Researchers have found that a single mutation in a recently discovered Parkinson's disease gene is responsible for 5% of inherited Parkinson's disease cases. The finding opens the door to the possibility of genetic screening for the LRRK2 gene mutation, which is believed to be the most common genetic cause of inherited Parkinson's disease identified to date.

The study, conducted by Dr William Nichols, a geneticist at Cincinnati Children’s Hospital Medical Center, has been published in the medical journal The Lancet, as well as studies by Dr Nicholas Wood of the Institute of Neurology in London and Dr Vincenzo Bonifati of Erasmus MC in Rotterdam, Netherlands.

The Cincinnati Children’s study focused on a group of 767 Parkinson’s disease patients from 358 different families. The study found that 5% of the patients carried the same LRRK2 mutation.

The Wood report focused on Parkinson’s disease patients without a known family history of the disease and found the same LRRK2 gene mutation in eight of 482 individuals in the study.

The Bonifati study identified the same LRRK2 gene mutation as the Cincinnati Children’s study. Bonifati found the mutation in four of 61 families with a history of Parkinson’s disease.

“When we began, we really didn’t know how frequent the mutation in the LRRK2 gene would be, but to find the same single mutation in the genome in Parkinson’s patients is pretty dramatic. No other mutation in any other known Parkinson’s gene has been found in such high frequency,” said Dr Nichols.
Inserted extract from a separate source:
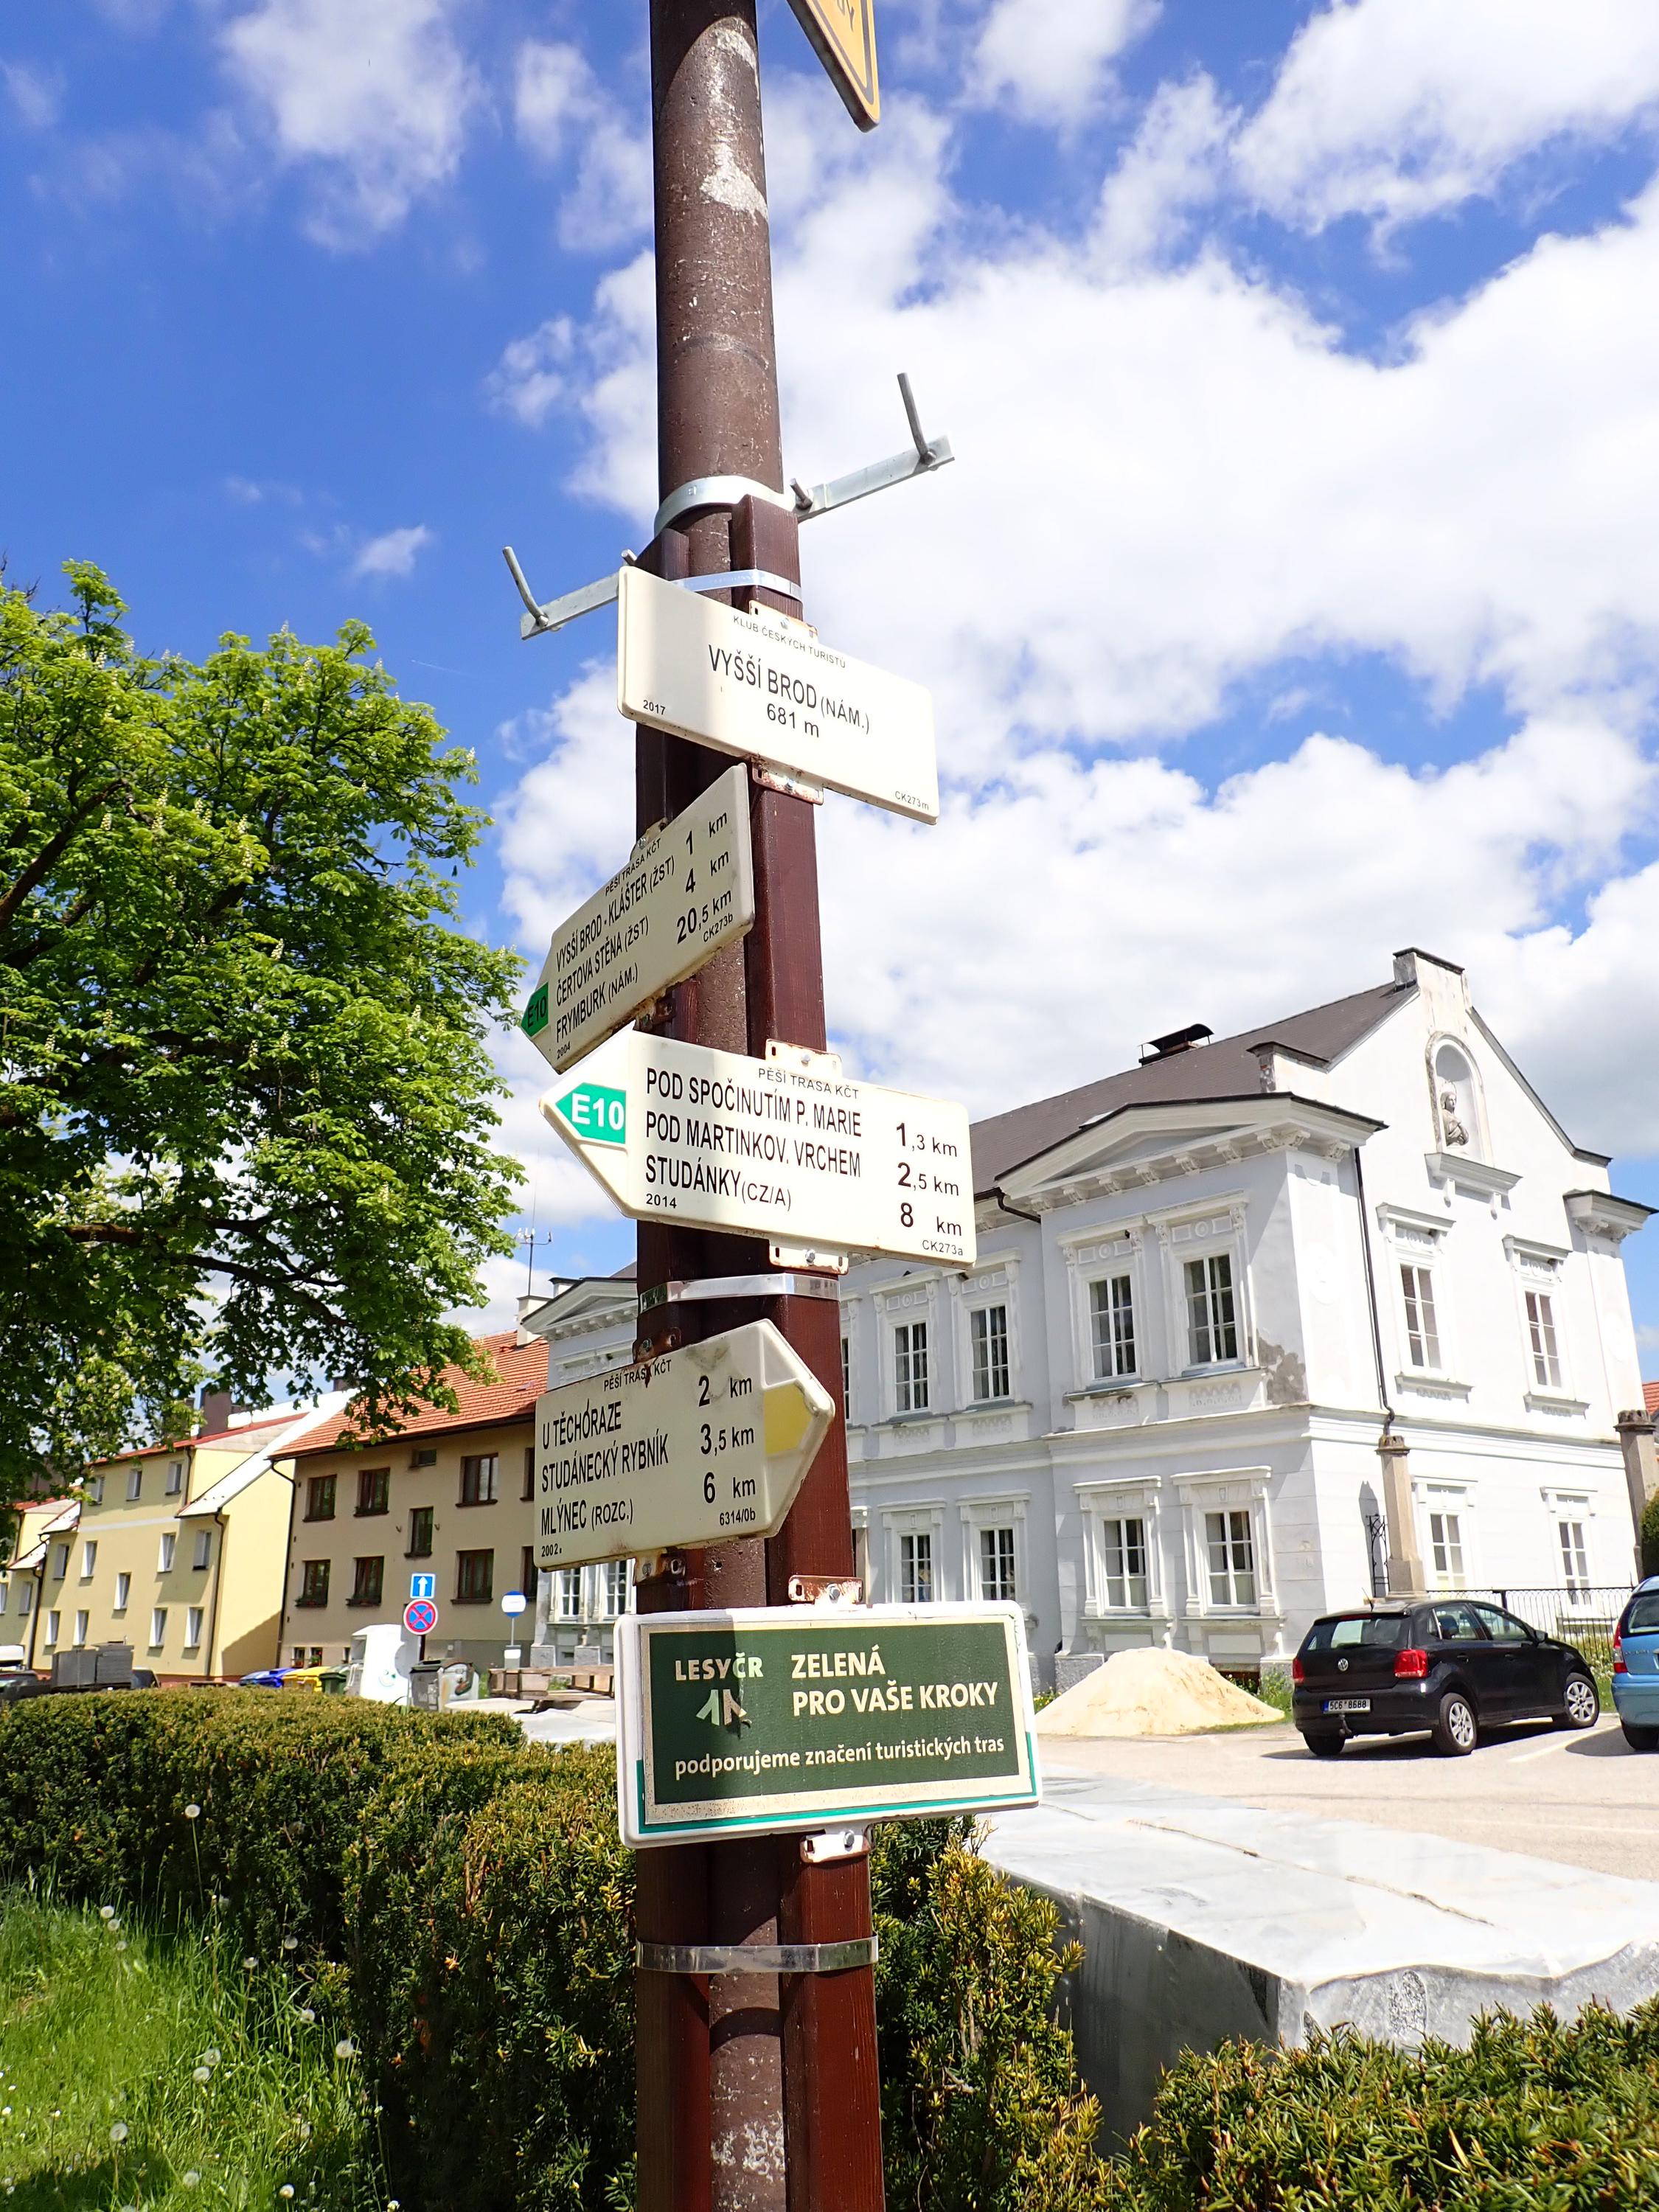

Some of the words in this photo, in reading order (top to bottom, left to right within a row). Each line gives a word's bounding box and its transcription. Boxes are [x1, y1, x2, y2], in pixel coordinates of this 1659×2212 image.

Individual genes can have many mutations, which is also true of the LRRK2 gene. Other mutations in the LRRK2 gene have been identified, but those mutations were not manifested to the same degree as the mutation described in Nichols’ study, which was found to occur in about one of every 22 patients with inherited Parkinson’s disease.

“Finding the same mutation in a single gene accounting for such a large percentage of patients is quite remarkable, and this mutation should be included in any future genetic testing for the disease,” Dr Nichols said.

Until recently, it was thought that environmental factors were the primary cause of Parkinson’s disease. A genetic link was thought to exist in the rare early onset form of the disease in people diagnosed before age 40, but not in the more common form of the disease in which people, on average, are diagnosed at about 60 years. The first Parkinson’s disease gene was identified in 1997.